By PATRICIA SIMPSON
Trends in Illinois poverty:
The American dream soured in the 1980s for many Illinoisans who slipped below the federal poverty line. An increase in poverty rates contrasted with the two previous decades: During the 1960s poverty rates fell as a result of the federal War on Poverty, and during the 1970s rates remained steady. As significant as the rise in poverty was its racial composition: The 1980's increase fell disproportionately on blacks.
In 1979 there were 26 million poor people in the United States; by 1988 there were 31 million. The poverty rate increased over the period from 11.7 percent to 13.1 percent. In Illinois, the number of poor grew from 1,230,541 to 1,405,864, an increase of 175,323 (see table 1). The Illinois poverty rate increase from 11 percent to 12.3 percent was below the national increase.
Regionally Chicago accounted for the largest concentration of poor Illinoisans in 1988. Sixty-three percent of the state's poor resided in the city. The equivalent figures for whites, blacks and Hispanics were 52 percent, 75 percent and 93 percent, respectively.
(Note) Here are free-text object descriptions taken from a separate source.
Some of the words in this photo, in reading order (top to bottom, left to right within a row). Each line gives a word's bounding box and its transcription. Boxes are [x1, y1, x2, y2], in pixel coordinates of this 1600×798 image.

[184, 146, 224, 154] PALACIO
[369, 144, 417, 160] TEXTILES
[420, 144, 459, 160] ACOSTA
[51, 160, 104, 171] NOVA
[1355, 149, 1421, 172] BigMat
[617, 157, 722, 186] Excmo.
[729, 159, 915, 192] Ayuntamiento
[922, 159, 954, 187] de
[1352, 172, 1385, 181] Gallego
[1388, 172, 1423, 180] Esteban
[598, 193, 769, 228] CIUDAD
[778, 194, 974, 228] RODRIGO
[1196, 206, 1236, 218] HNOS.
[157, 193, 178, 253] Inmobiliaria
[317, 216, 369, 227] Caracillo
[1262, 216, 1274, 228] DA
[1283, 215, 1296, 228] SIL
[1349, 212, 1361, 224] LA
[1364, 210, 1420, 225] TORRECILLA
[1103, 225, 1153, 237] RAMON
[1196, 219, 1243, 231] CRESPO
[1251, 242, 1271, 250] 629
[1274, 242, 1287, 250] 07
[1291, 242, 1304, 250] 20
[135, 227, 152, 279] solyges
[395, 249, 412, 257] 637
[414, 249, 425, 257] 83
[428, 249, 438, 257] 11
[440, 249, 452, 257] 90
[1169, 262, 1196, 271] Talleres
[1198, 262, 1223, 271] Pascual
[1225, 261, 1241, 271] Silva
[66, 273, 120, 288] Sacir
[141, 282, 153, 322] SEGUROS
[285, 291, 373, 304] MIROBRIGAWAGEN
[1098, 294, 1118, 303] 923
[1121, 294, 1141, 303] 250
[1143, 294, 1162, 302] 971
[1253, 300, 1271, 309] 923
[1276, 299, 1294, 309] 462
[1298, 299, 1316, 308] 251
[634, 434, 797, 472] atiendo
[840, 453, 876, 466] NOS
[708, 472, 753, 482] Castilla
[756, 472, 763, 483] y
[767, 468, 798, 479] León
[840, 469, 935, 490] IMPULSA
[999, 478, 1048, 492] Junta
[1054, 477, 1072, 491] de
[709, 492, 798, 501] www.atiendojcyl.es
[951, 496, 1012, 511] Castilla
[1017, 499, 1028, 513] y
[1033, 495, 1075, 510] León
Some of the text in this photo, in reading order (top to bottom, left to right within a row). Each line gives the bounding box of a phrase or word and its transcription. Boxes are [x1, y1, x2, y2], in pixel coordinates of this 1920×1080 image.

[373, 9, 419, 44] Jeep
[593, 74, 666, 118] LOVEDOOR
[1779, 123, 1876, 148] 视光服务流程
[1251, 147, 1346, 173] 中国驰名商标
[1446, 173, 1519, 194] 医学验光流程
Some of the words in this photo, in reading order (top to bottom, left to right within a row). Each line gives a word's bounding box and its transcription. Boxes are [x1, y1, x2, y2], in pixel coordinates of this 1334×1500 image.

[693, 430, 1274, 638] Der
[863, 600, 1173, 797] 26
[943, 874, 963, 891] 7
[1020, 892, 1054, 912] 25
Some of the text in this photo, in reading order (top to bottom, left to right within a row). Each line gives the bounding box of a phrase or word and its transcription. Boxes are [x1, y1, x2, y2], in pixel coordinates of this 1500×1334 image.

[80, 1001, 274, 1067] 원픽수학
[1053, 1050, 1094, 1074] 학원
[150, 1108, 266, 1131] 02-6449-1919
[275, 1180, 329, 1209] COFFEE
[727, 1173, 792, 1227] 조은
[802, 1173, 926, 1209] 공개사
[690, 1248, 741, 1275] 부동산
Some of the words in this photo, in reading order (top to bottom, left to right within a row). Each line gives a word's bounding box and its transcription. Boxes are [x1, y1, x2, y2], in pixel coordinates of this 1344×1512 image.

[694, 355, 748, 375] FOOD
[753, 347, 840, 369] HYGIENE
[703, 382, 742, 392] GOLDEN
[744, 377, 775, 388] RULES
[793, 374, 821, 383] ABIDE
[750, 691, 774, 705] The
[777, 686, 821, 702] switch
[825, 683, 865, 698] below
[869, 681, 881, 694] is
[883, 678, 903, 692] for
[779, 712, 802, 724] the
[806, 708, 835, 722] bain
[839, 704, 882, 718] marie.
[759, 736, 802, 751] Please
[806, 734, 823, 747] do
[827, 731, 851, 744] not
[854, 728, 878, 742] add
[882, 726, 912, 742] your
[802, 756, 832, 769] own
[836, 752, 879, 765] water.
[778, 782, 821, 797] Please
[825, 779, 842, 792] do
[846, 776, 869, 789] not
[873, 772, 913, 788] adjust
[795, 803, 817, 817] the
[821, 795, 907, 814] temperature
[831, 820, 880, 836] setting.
Racial differences are also apparent in the growth of poverty rates. The poverty rate for Illinois whites rose from 7.2 percent in 1979 to 8.4 percent in 1988, a growth rate of 16.6 percent. Over the same period the poverty rate for Hispanics rose from 20.2 percent to 22.0 percent, an 8.9 percent increase. The seemingly lower rate for Hispanics requires a word of caution: The categories white, black and Hispanic are not mutually exclusive. Individuals in the "Hispanic" category may also be counted in the "white" or "black" category.
Mutually exclusive categories are available for 1988, but not for 1979. Exclusion of Hispanics drops the 1988 white poverty rate from 8.4 percent to 6.4 percent (see table 2), suggestig that a good portion of white poverty in Illinois overlaps with Hispanic poverty. Further, the increase in white poverty charted in table 1 may in fact reflect the rapid expansion of the Hispanic immigrant community in Illinois.
The status of blacks is more clear-cut. Poverty growth among blacks outdistanced whites, with or without Hispanics. The black poverty rate of 30.2 percent in 1979 rose to 37.9 percent in 1988. This amounts to a 28.8 percent increase, more than double the growth rate for whites and triple the rate for Hispanics.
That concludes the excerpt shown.